Een uitgebreide beschrijving van de beroemde Goudse glazen, 32 in getal, en hun schenkers. - fol. 38r-43v
De resolutie waarin de kerken en kloosters aan de steden in Holland vervallen. Gevolgd door ‘Vercoopinge van Stadts goederen’, waarin de verkoop wordt beschreven van de Goudse kerken en kloosters en van nog wat andere stadsgoederen. - fol. 44r-134r
Het grootste deel van het manuscript is een register met aantekeningen en uittreksels uit en afschriften van (vooral financiële) archiefstukken betreffende (o.a.) Gouda en het gewest Holland. De meeste beschrijvingen betreffen zaken uit de 16e en de eerste helft van de 17e eeuw. - fol. 134v-155r
Het manuscript eindigt met drie brieven over waterbeheersing, financiële kwesties en andere zaken. Ze beschrijven gebeurtenissen van het einde van de 15e eeuw tot halverwege de 17e eeuw.
In bronnen over Gouda wordt vaak verwezen naar het ‘Memorieboekje’ of ‘Cleyn recueil’ van burgemeester Adriaen Vereyck. In het handschrift dat wij laten zien, zijn deze titels prominent aanwezig. Het betreft hier echter niet het handschrift van Vereyck. We weten zelfs niet hoe omvangrijk het verdwenen origineel was dat rond 1650 door Vereyck werd geschreven. Duidelijk is wel dat de kopiist (delen van de) tekst uit het ‘Memorieboekje’ heeft overgenomen. De jongste datum die we in het manuscript hebben gevonden is 7 oktober 1664. Er staat echter ook een overzicht in van belastingopbrengsten in de jaren 1656-1697 (zie fol. 44v-45r). Dus dit handschrift is niet het origineel van Vereyck zelf maar een kopie, door één hand geschreven waarschijnlijk na 1697, inclusief latere aanvullingen.

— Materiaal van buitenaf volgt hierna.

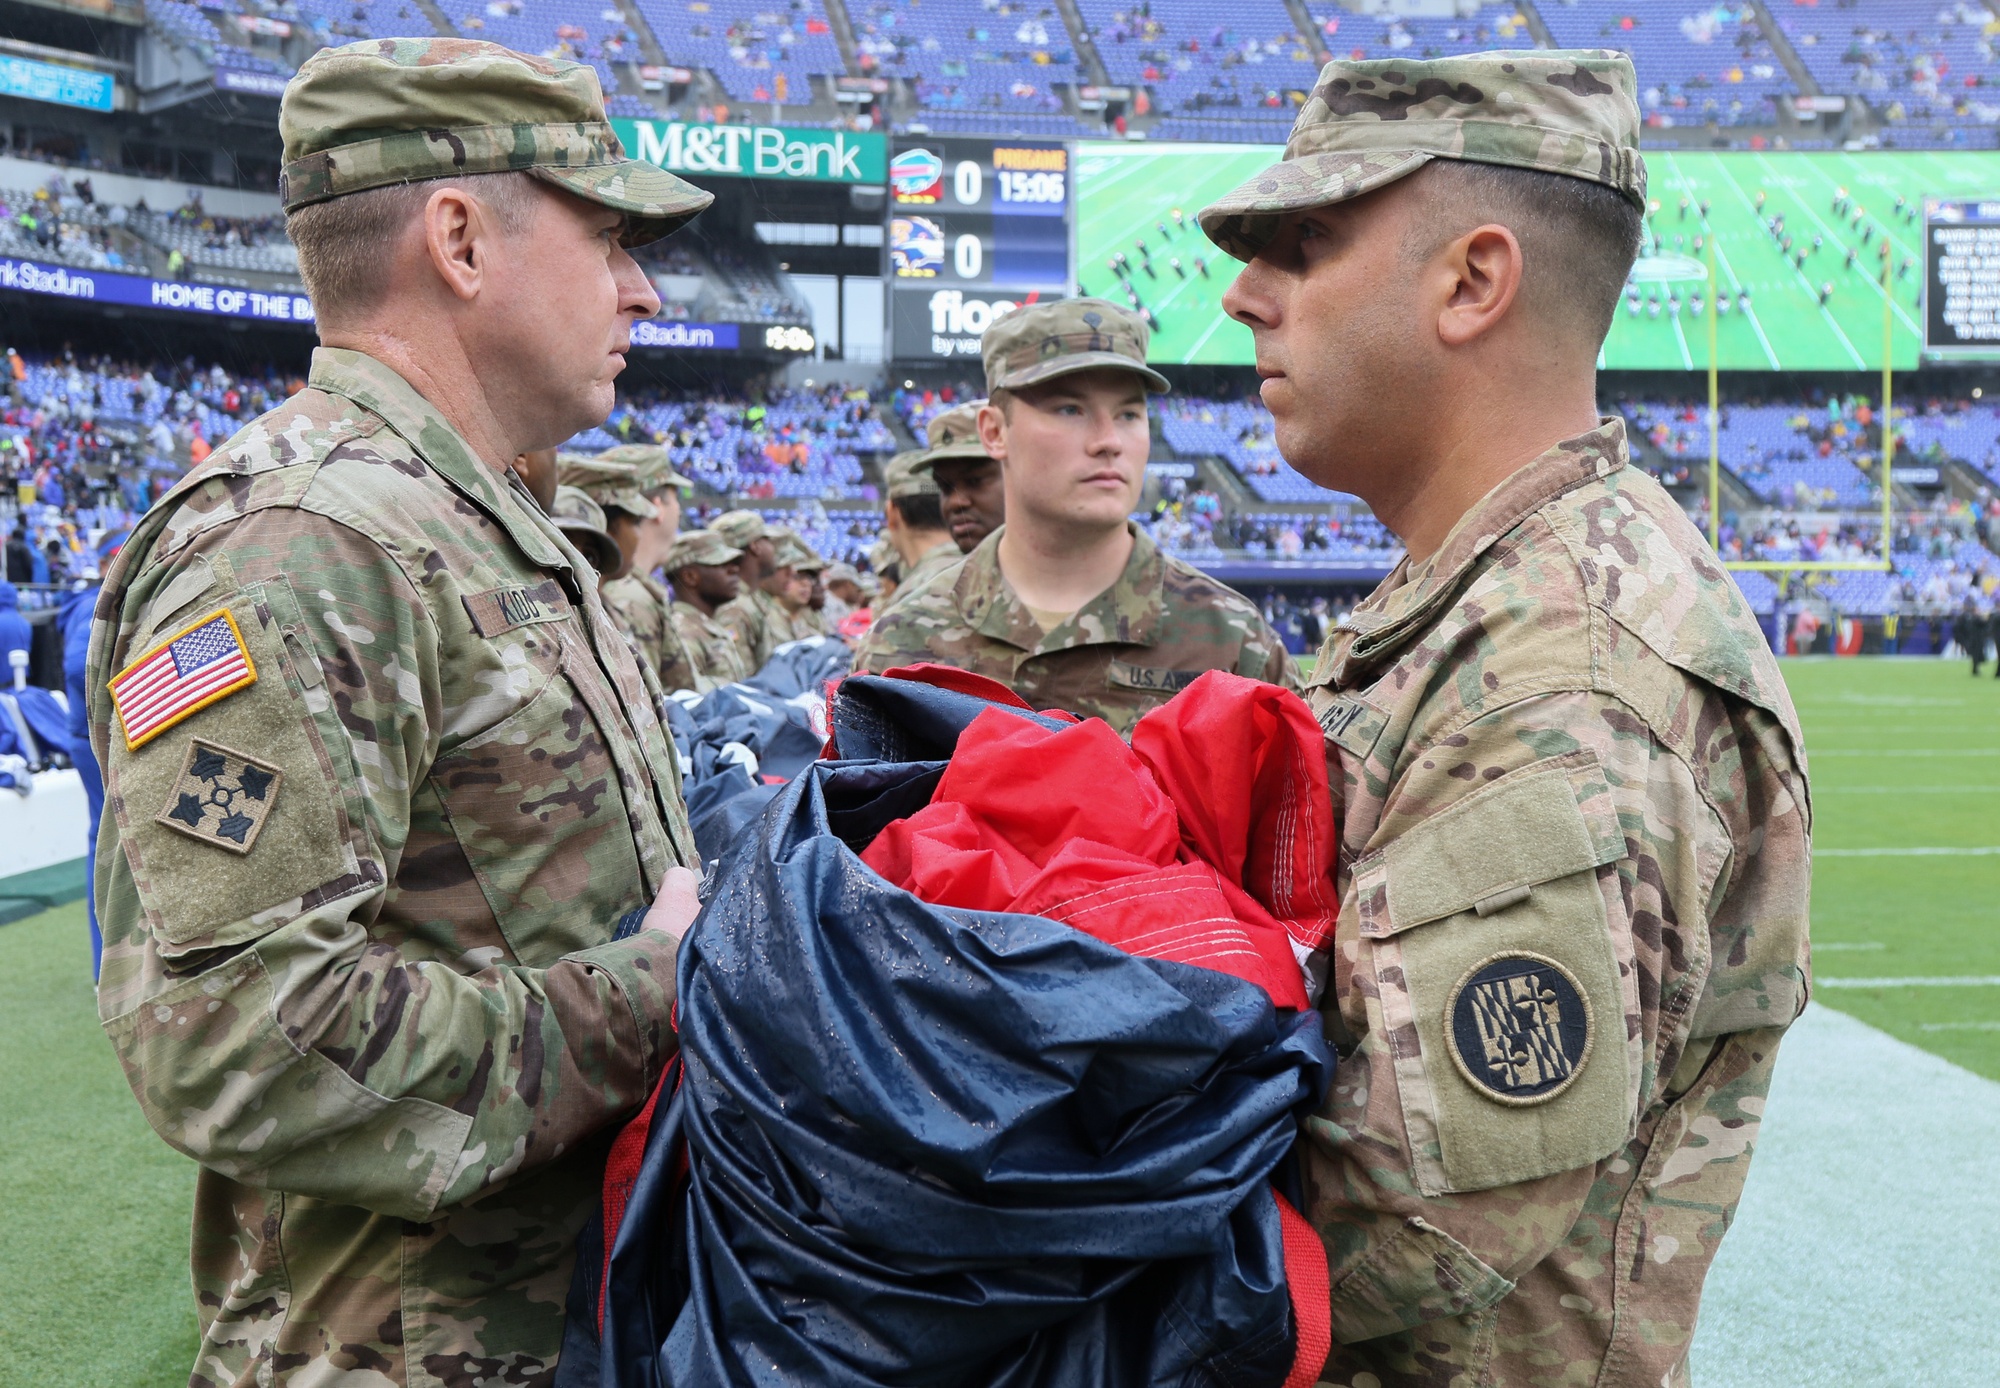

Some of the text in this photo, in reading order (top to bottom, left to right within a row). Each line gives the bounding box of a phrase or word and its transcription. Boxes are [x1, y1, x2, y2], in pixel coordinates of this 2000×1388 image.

Het handschrift Vereyck telt in totaal (2)+155+(3) folia – papier, 4°- die tweezijdig beschreven zijn en meet 20 x 16,5 cm, de schrijfspiegel is 7 x ca. 12,5 cm. Er is sprake van een moderne foliëring met potlood in de rechterbovenhoek. Het handschrift is gebonden in een 18e-eeuwse kartonnen band en heeft een rode schapenleren rug. Toen het geheel werd samengebonden, zijn enkele pagina’s verwisseld.
Het handschrift maakte deel uit van het ‘legaat Kemper’, maar het was enige tijd uit het zicht nadat het verdwenen was uit de Collectie Kemper. Eind 2011 werd het manuscript herontdekt in de Collectie Varia van het Streekarchief Midden-Holland (Gouda, SAMH, Collectie Varia, inventarisnummer 0200. 2008).
In 2019 wist het Streekarchief Midden-Holland een tweede exemplaar van het handschrift Vereyck te verwerven (Collectie Varia, 0200. 19596). Dit exemplaar lijkt ouder dan het eerdergenoemde, vertoont een andere hand, maar de tekst is nagenoeg identiek.
Bronnen
Adriaen Vereyck verwijst in zijn handschrift naar de volgende bronnen:
- Kamerboek [Gouda, SAMH. Oud Archief Gouda, Besluiten van de magistraat (“kamer”), inv.nr. 0001. 91-134].
- Junius, Adrianus [Adriaen de Jonghe], Batavia. (Leiden 1588).
- Merula, Paulus [Paul van Merle], Vita Des. Erasmi Roterodami (…) Additi sunt Epistolarum (…), Libri duo. (Leiden 1639).